PARKERSBURG - A rally to draw attention to the plight of children forced into military service in Uganda will be held at 7 p.m. Friday at St. Paul's United Methodist Church at Market and 11th streets.
Control of the African nation changes hands between warring factions, which, when they could not recruit enough soldiers, abduct children as young as 6 and take them into the bush to be trained as soldiers. Children are forced to kill and torture and if they refuse, they are mutilated, beaten, starved and killed, according to the Rev. Bryan Baker, the rally's keynote speaker who spent two years in Uganda helping children.
"When I heard about this human atrocity my heart broke and I knew I had to do something," he said.

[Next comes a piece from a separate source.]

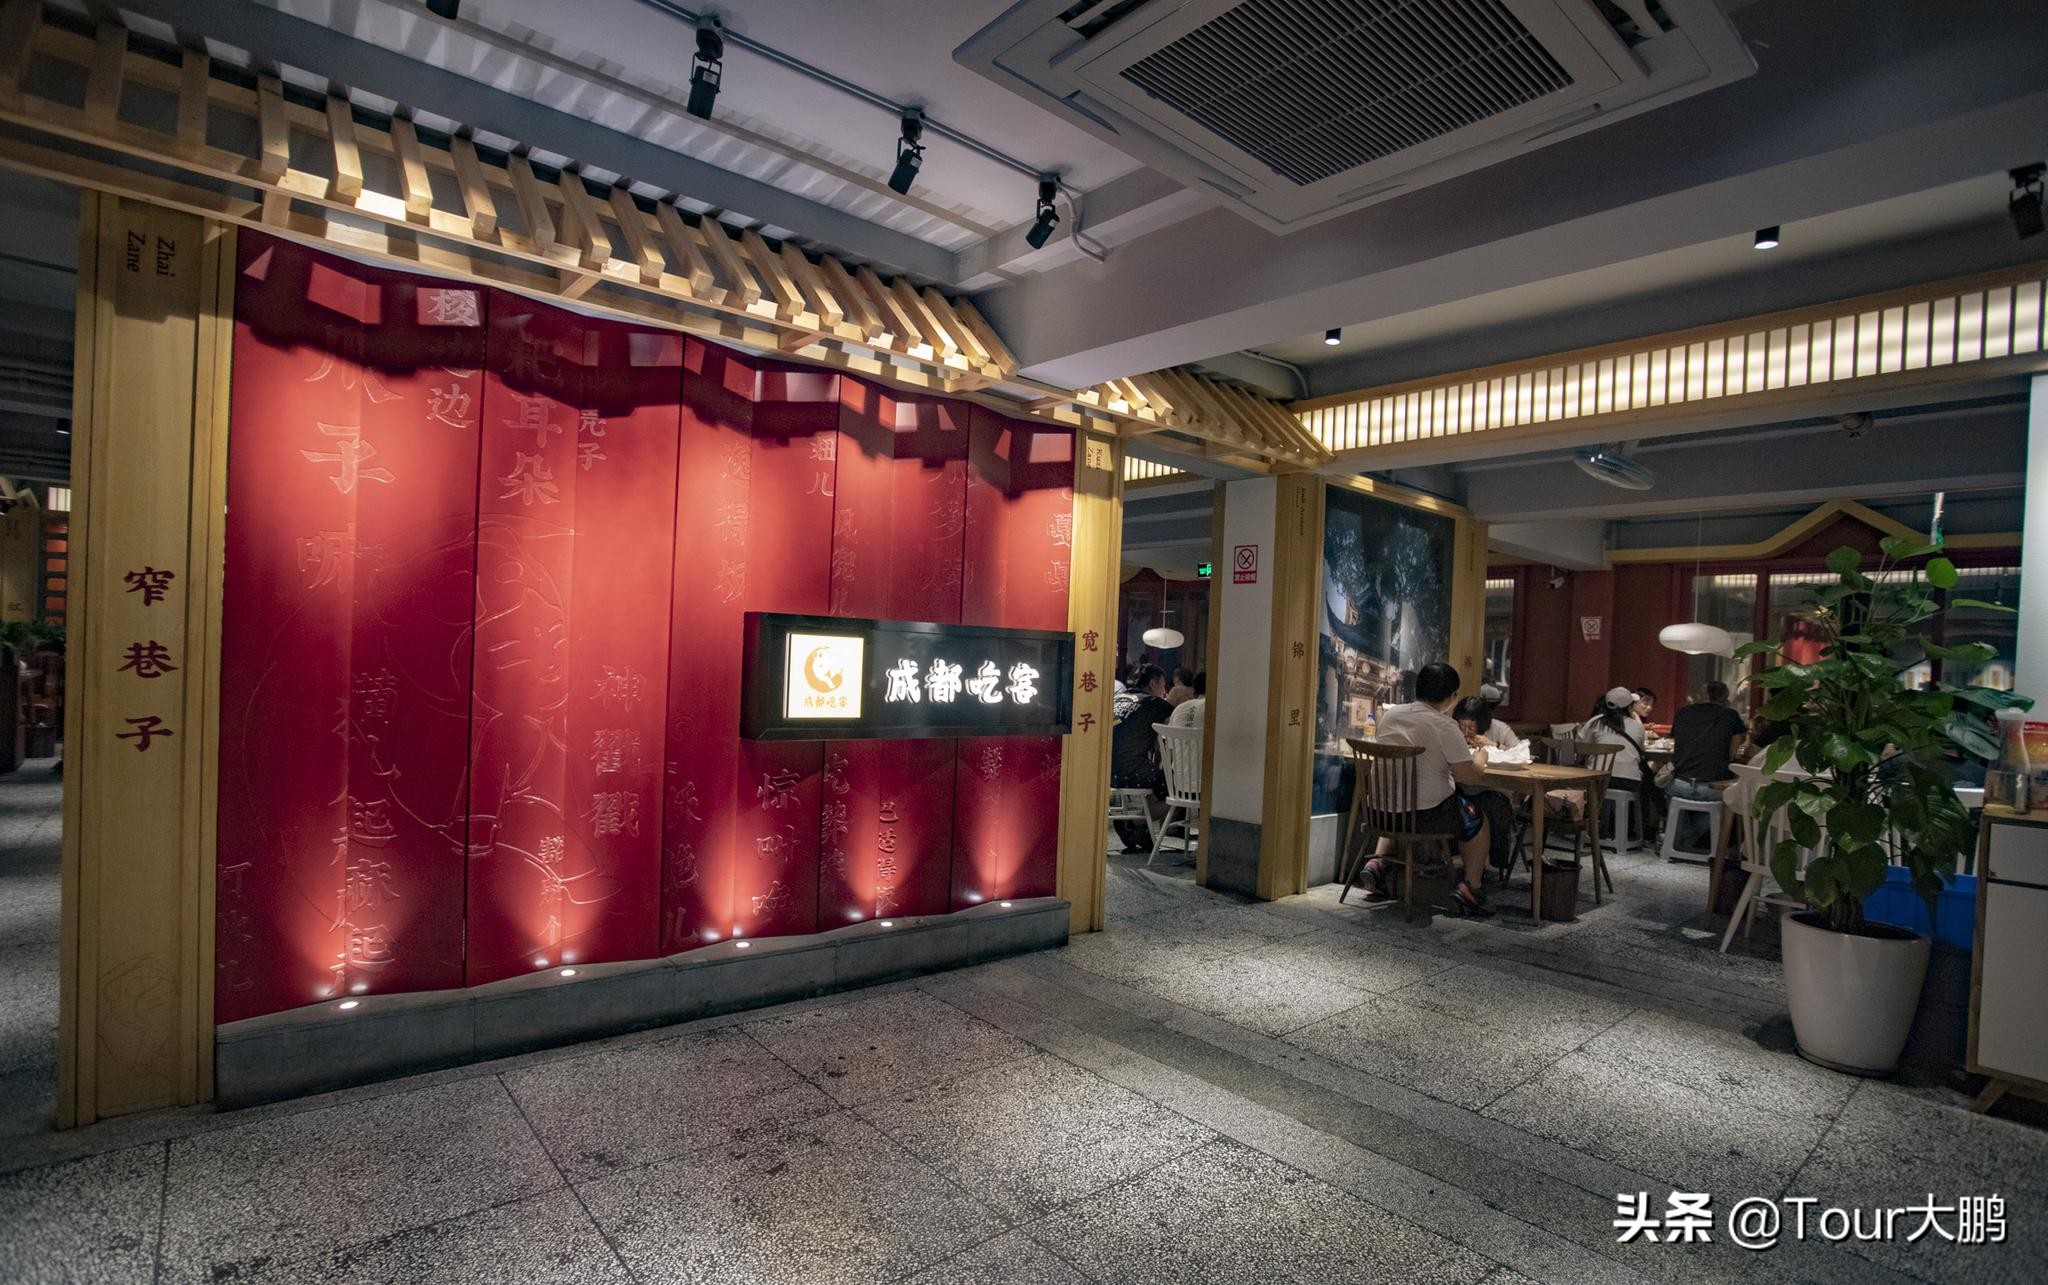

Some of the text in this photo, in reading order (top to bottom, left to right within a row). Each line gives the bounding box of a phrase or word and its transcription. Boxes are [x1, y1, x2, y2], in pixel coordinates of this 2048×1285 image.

In an effort to find the child soldiers, he began delivering aid to a refugee camp, eventually delivering supplies to the Pabo Refugee Camp, visiting night commuters in Gulu and rehabilitation centers for recovered child soldiers in Gulu and Lira. The experiences were overwhelming, Baker said. The boys do no know what peace is, he said.
"One of the boys at GUSCO Rehabilitation Center asked me, 'Do children in the United States get abducted too?'" he said. "I was stunned. In this child's worldview, the entire world must be at war. It was so sad."

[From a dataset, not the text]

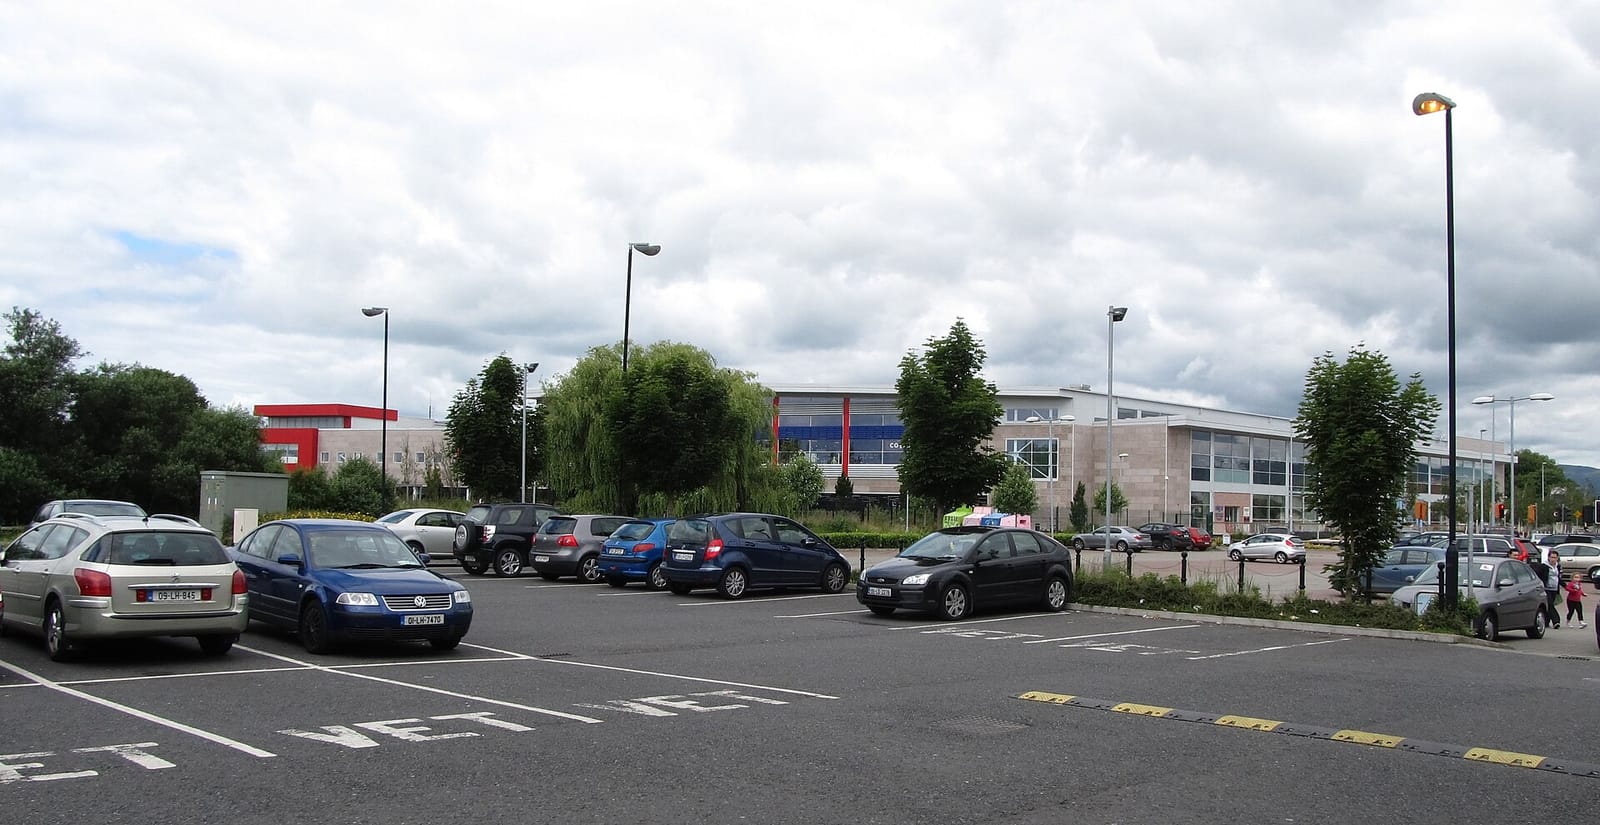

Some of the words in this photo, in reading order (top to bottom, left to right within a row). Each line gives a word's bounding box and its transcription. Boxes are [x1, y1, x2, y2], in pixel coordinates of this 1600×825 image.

[158, 591, 196, 600] 09-LH-845
[572, 690, 789, 717] VET
[275, 711, 537, 749] VET

Control of the country has shifted back and forth between the North and South, Bugandan and Acholi. A Bugandan is president and most of the Acholi rebel forces have subsided, except for the Lord's Resistance Army rebel group led by Joseph Kony, who has lost the backing of the Acholi people, Baker said.
In most parts of Africa, the custom in seeking justice is by telling the truth and having the stories be told, Baker said.
Kony has become less active and may be in hiding, but the Ugandan government has called for a national observance on Friday, to which Baker will speak and present stories, videos, photos and art by the survivors.